[Dataset excerpts Boundary: Start]
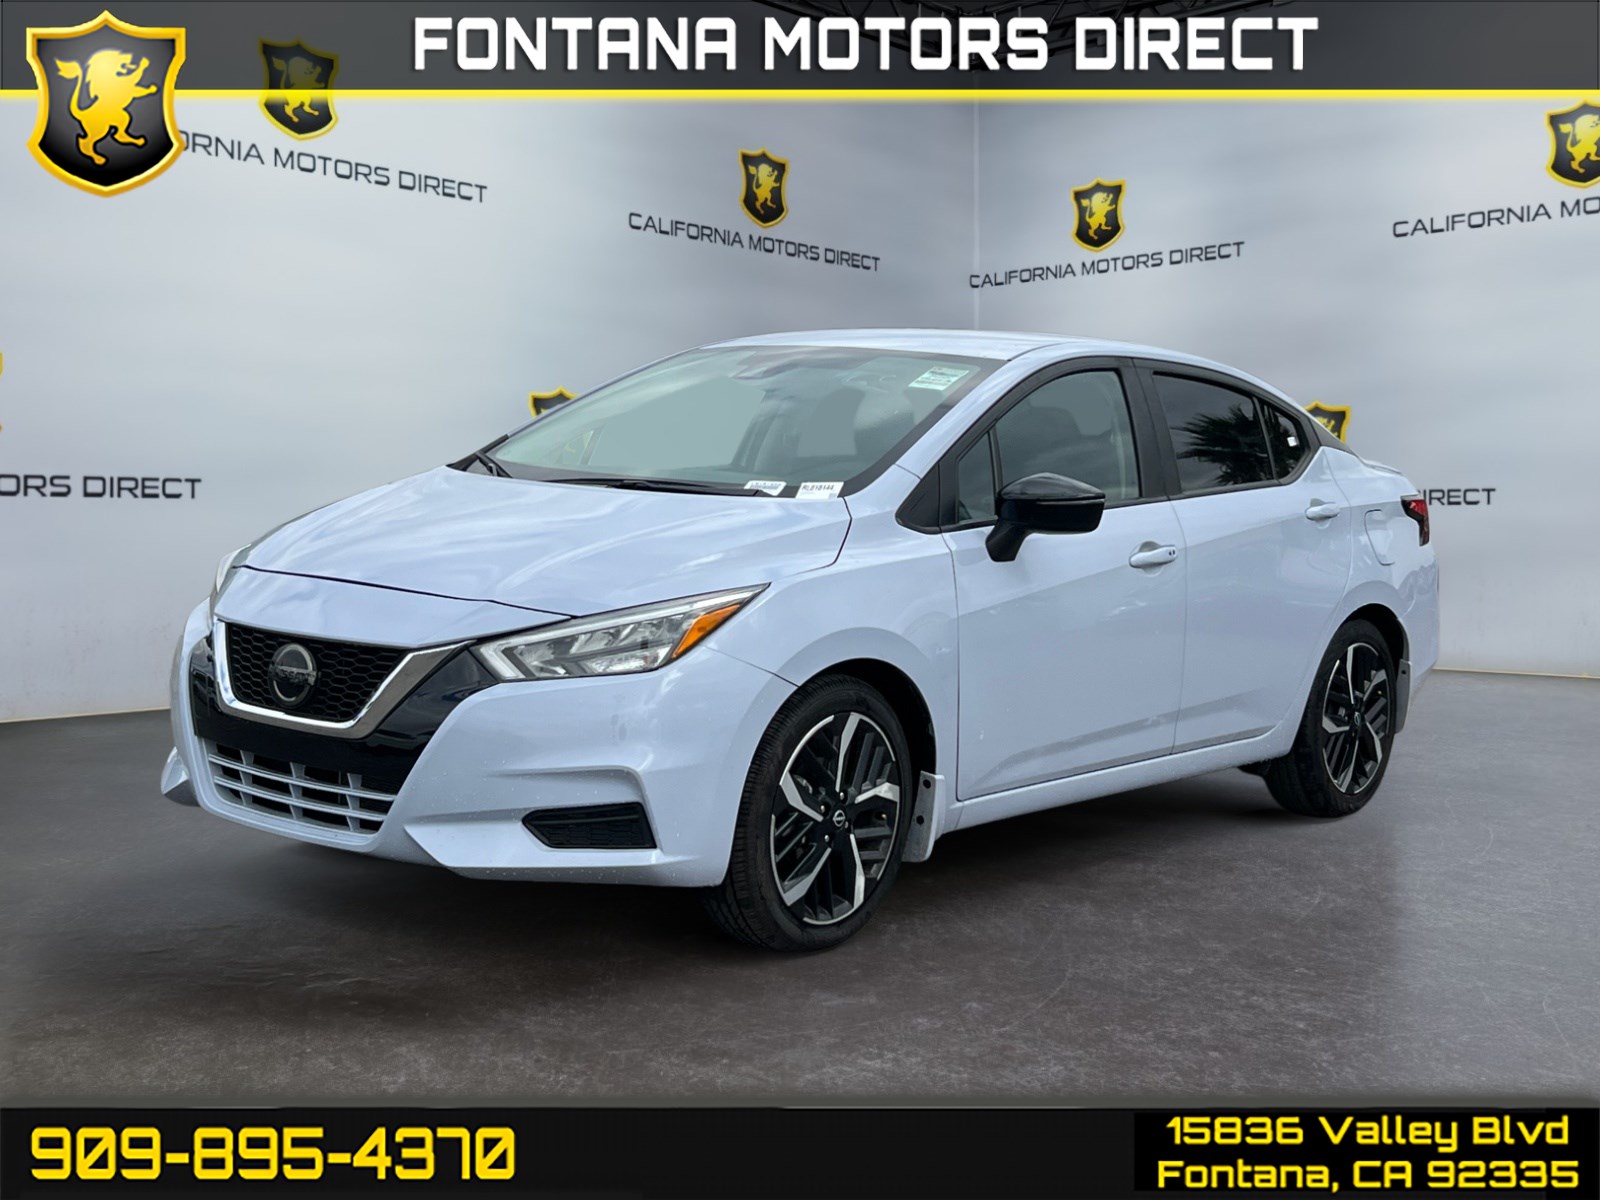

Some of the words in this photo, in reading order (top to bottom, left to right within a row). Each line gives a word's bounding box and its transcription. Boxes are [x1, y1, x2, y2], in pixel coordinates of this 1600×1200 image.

[272, 147, 390, 187] MOTORS
[398, 170, 488, 203] DIRECT
[628, 212, 744, 249] CALIFORNIA
[748, 233, 820, 261] MOTORS
[824, 247, 881, 272] DIRECT
[1392, 203, 1553, 239] CALIFORNIA
[969, 263, 1077, 289] CALIFORNIA
[1081, 251, 1164, 277] MOTORS
[1169, 241, 1246, 266] DIRECT
[0, 473, 72, 498] ORS
[83, 475, 203, 500] DIRECT
[1418, 487, 1497, 506] IRECT
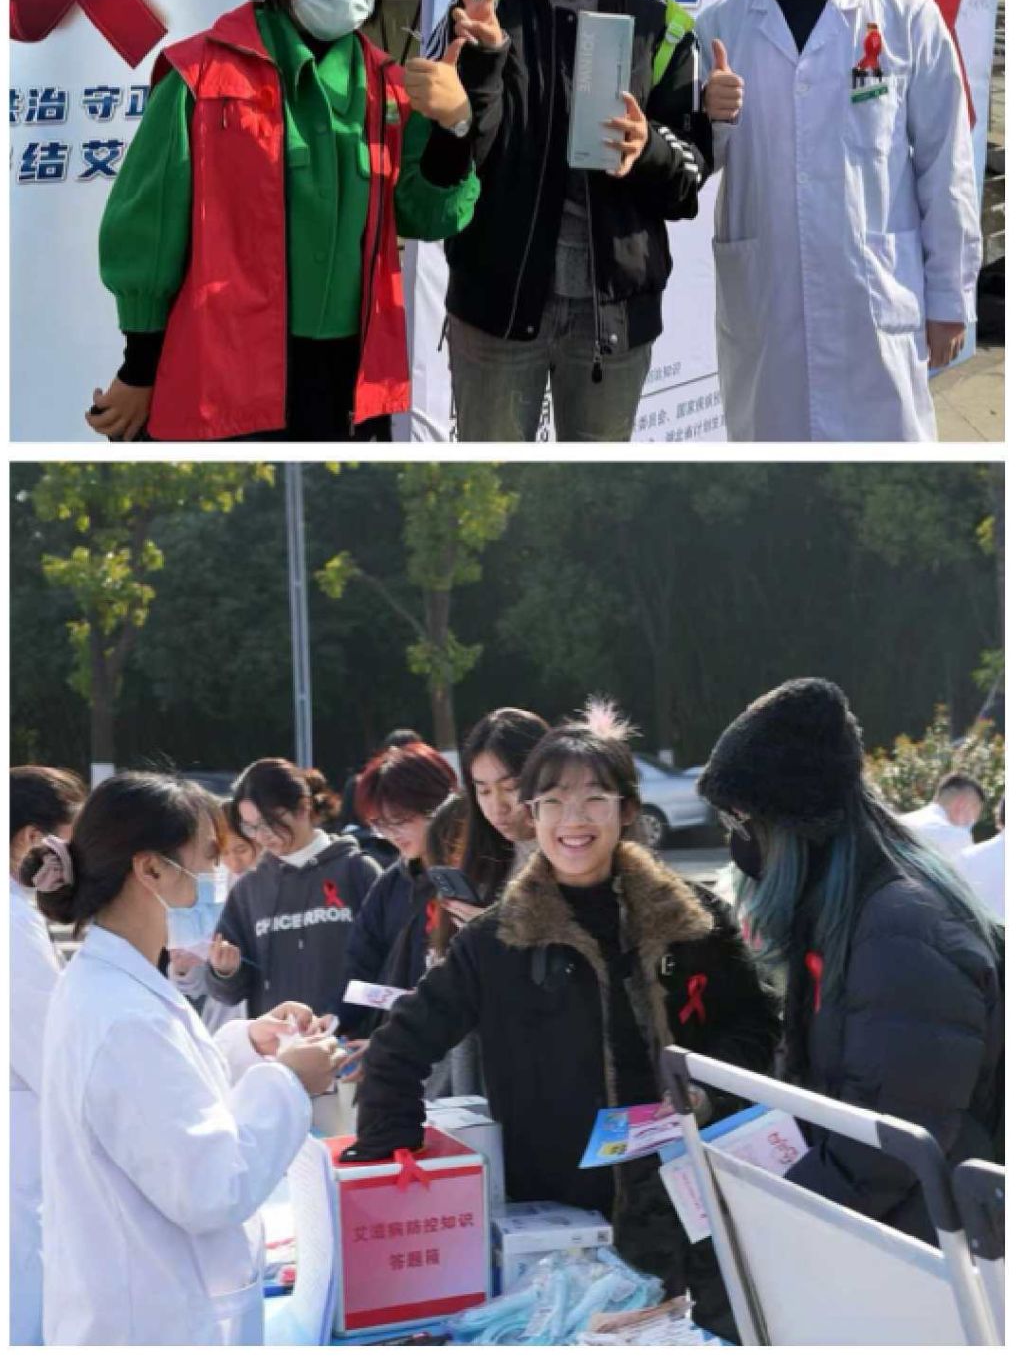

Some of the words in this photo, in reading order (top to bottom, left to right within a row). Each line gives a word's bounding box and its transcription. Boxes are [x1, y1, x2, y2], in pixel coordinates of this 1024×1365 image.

[352, 1212, 475, 1243] 艾滋病防控知识
[389, 1248, 440, 1271] 答题箱
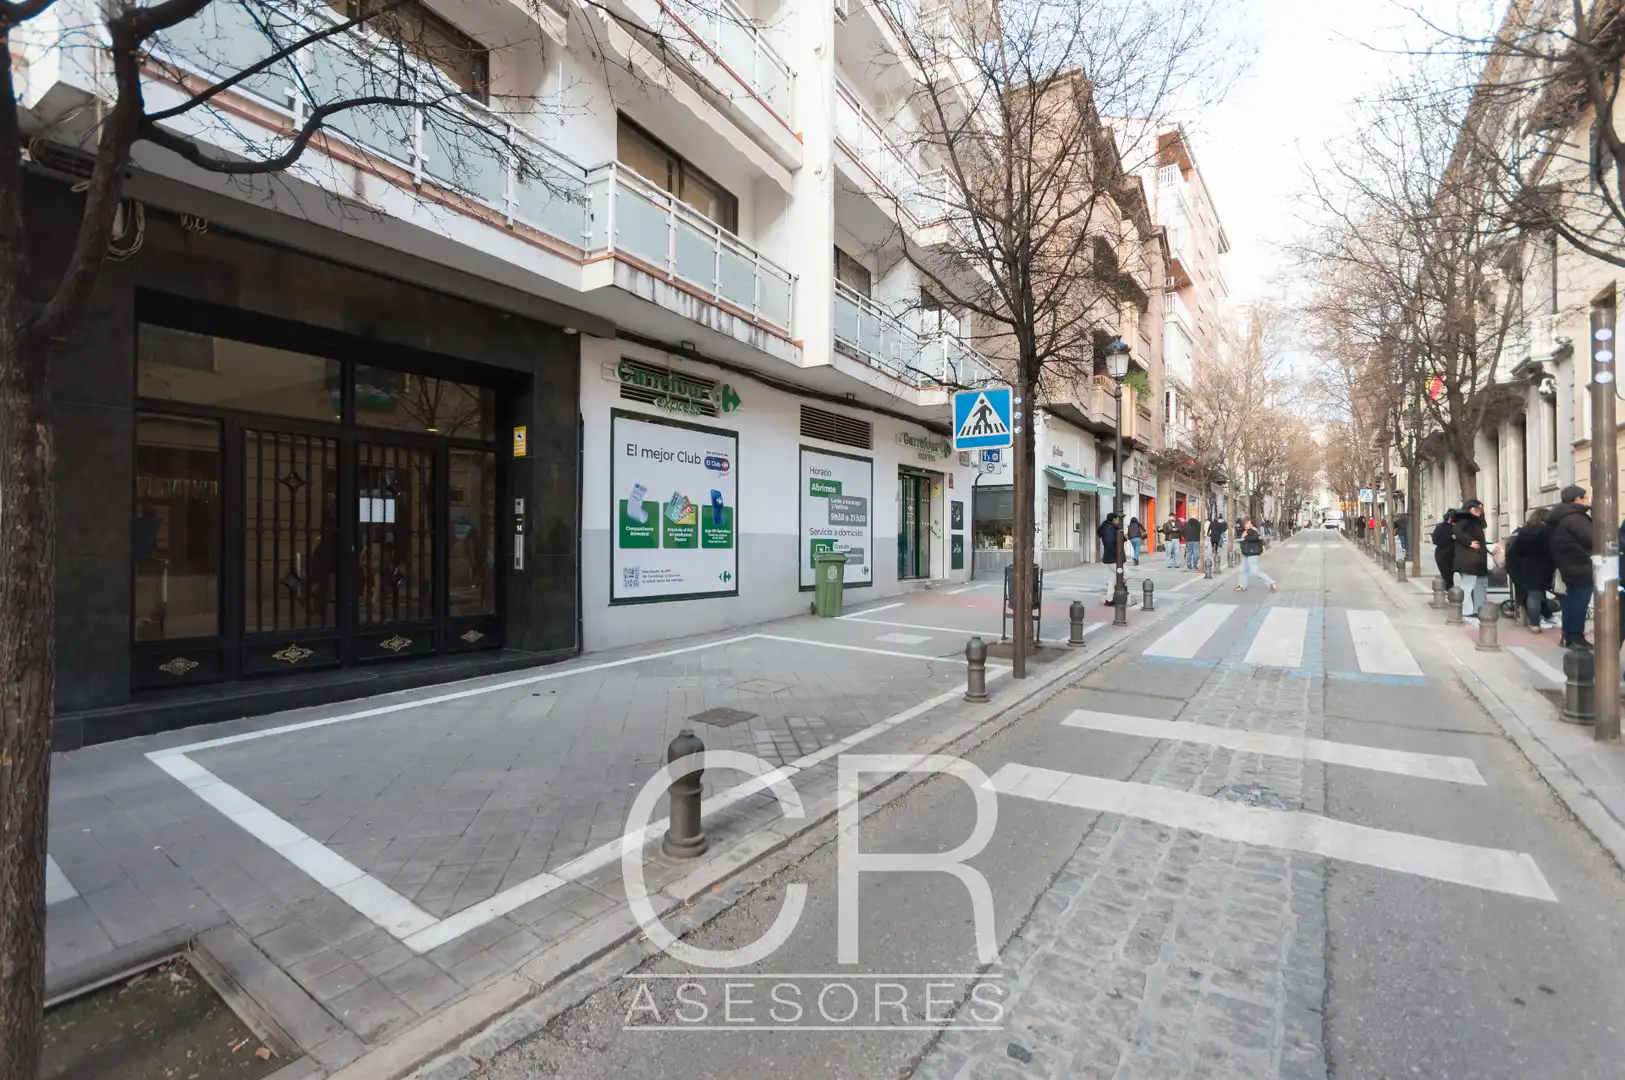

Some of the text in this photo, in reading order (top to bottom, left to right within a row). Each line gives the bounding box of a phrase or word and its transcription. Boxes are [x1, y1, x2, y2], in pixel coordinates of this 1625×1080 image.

[617, 359, 706, 400] Carrefour
[655, 397, 702, 416] express
[903, 432, 940, 452] Carrefour
[626, 443, 702, 465] El mejor Club
[809, 466, 832, 477] Horario
[811, 483, 836, 493] Abrimos
[809, 527, 833, 536] Servicio
[838, 528, 864, 537] domicilio
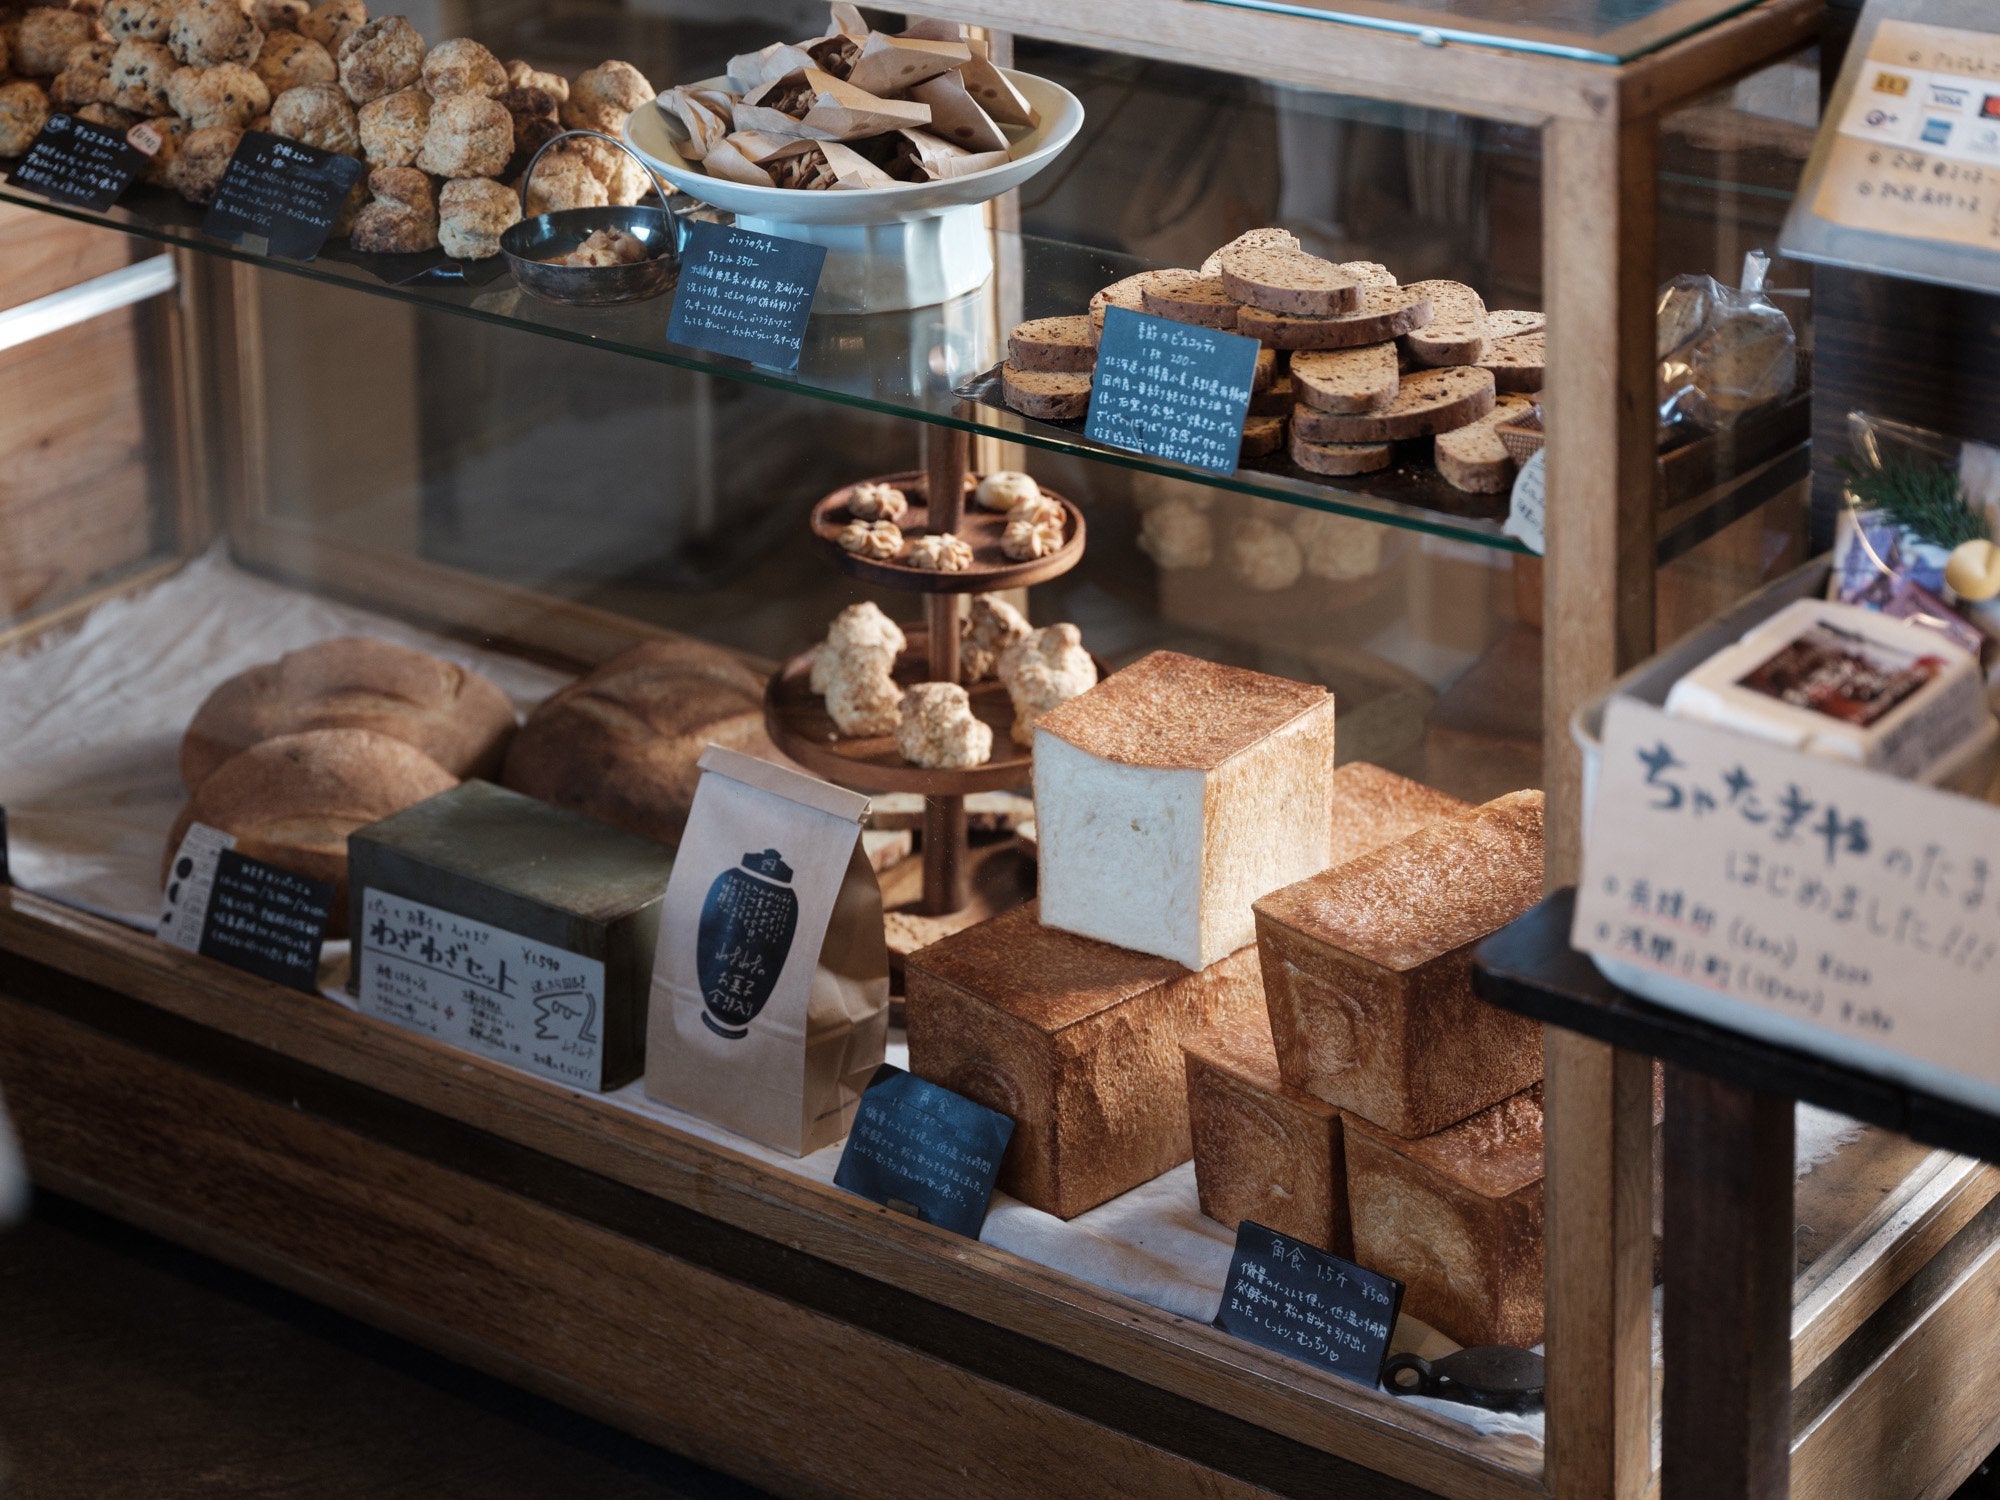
[Dataset excerpts Boundary: End]
= The task =
An unaltered copy of the material, without images, should be set down.

= Task solution =
Some of the words in this photo, in reading order (top to bottom, left to right within a row). Each line gives a word's bounding box and its transcription. Boxes are [x1, y1, x2, y2], in pixel coordinates of this 1600×1200 image.

[272, 147, 390, 187] MOTORS
[398, 170, 488, 203] DIRECT
[628, 212, 744, 249] CALIFORNIA
[748, 233, 820, 261] MOTORS
[824, 247, 881, 272] DIRECT
[1392, 203, 1553, 239] CALIFORNIA
[969, 263, 1077, 289] CALIFORNIA
[1081, 251, 1164, 277] MOTORS
[1169, 241, 1246, 266] DIRECT
[0, 473, 72, 498] ORS
[83, 475, 203, 500] DIRECT
[1418, 487, 1497, 506] IRECT

Some of the words in this photo, in reading order (top to bottom, left to right within a row). Each line gives a word's bounding box and its transcription. Boxes are [x1, y1, x2, y2], in pixel coordinates of this 1024×1365 image.

[352, 1212, 475, 1243] 艾滋病防控知识
[389, 1248, 440, 1271] 答题箱

Some of the text in this photo, in reading order (top to bottom, left to right within a row). Each line gives the bounding box of a phrase or word and its transcription. Boxes are [x1, y1, x2, y2], in pixel coordinates of this 1625×1080 image.

[617, 359, 706, 400] Carrefour
[655, 397, 702, 416] express
[903, 432, 940, 452] Carrefour
[626, 443, 702, 465] El mejor Club
[809, 466, 832, 477] Horario
[811, 483, 836, 493] Abrimos
[809, 527, 833, 536] Servicio
[838, 528, 864, 537] domicilio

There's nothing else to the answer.